• Material for this exercise
----

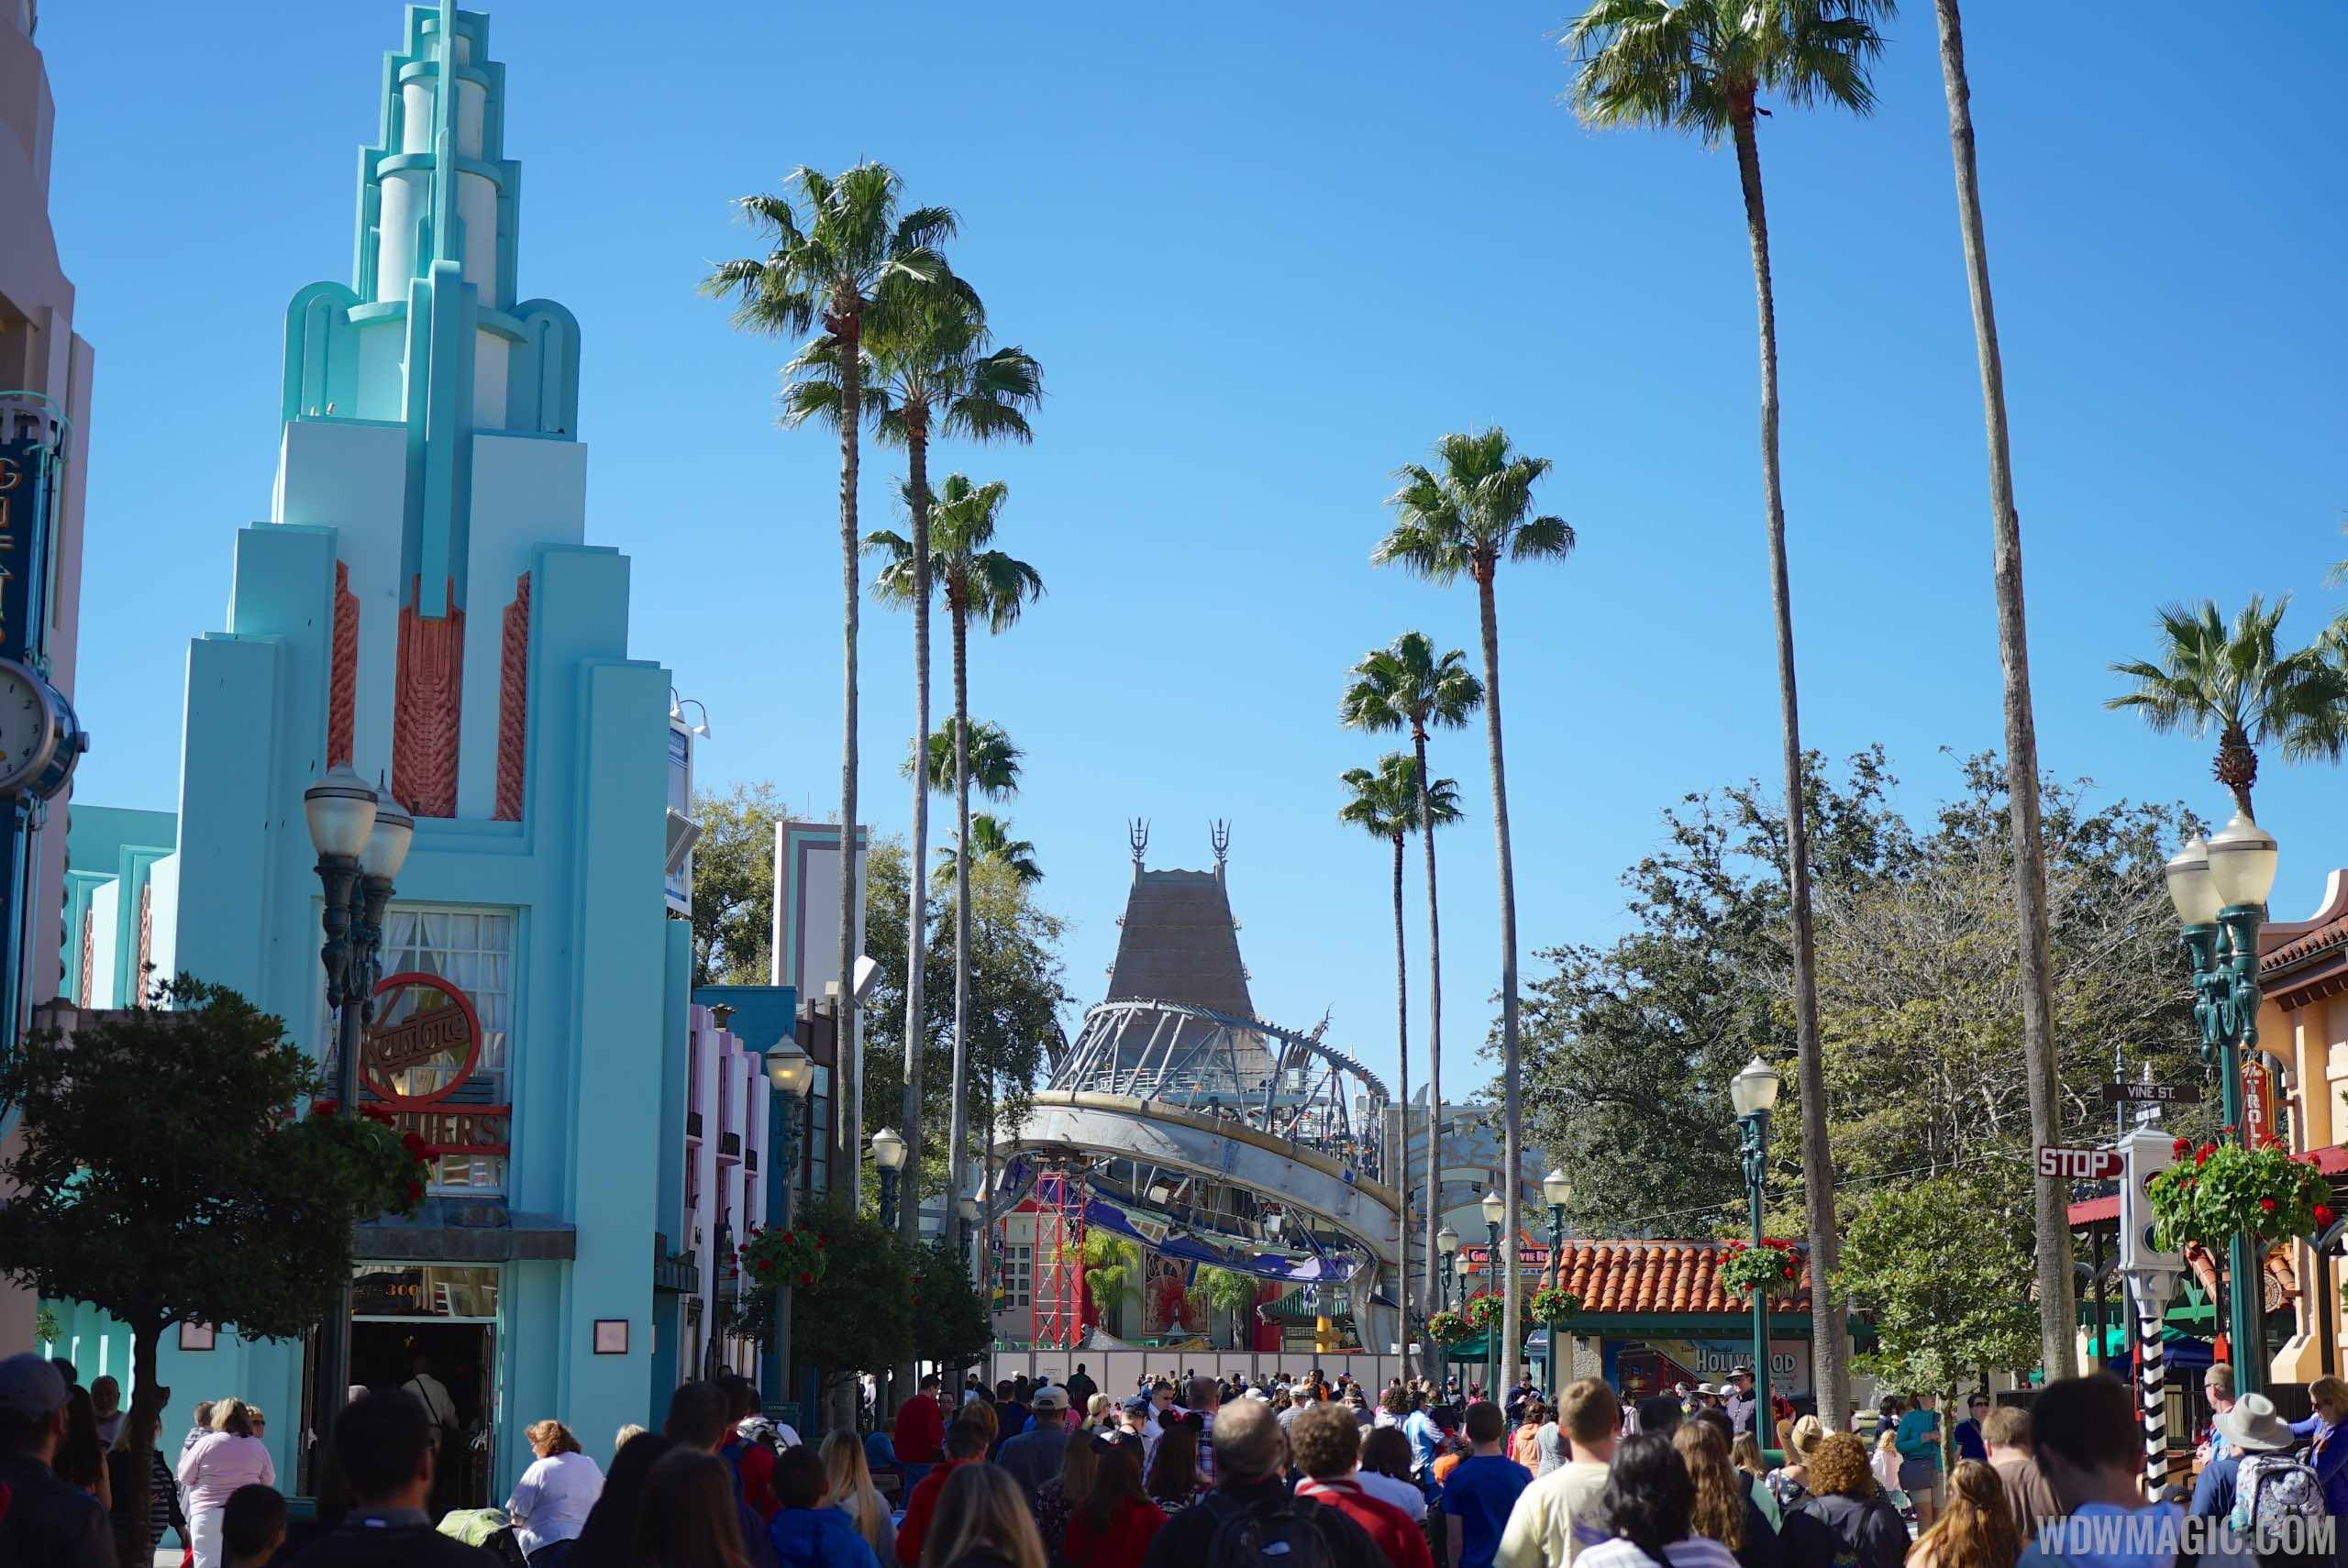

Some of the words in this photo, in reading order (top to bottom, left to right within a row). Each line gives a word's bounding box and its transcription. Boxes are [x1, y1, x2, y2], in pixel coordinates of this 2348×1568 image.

[2127, 1086, 2154, 1099] VINE
[2158, 1087, 2176, 1099] ST.
[2040, 1147, 2110, 1178] STOP
[385, 1284, 418, 1297] 300
[1696, 1349, 1798, 1374] HOLLYWOD

----

• Try it
Copy the listing character for character, pictures omitted.

• Problem solution
Some of the words in this photo, in reading order (top to bottom, left to right within a row). Each line gives a word's bounding box and its transcription. Boxes are [x1, y1, x2, y2], in pixel coordinates of this 2348×1568 image.

[2127, 1086, 2154, 1099] VINE
[2158, 1087, 2176, 1099] ST.
[2040, 1147, 2110, 1178] STOP
[385, 1284, 418, 1297] 300
[1696, 1349, 1798, 1374] HOLLYWOD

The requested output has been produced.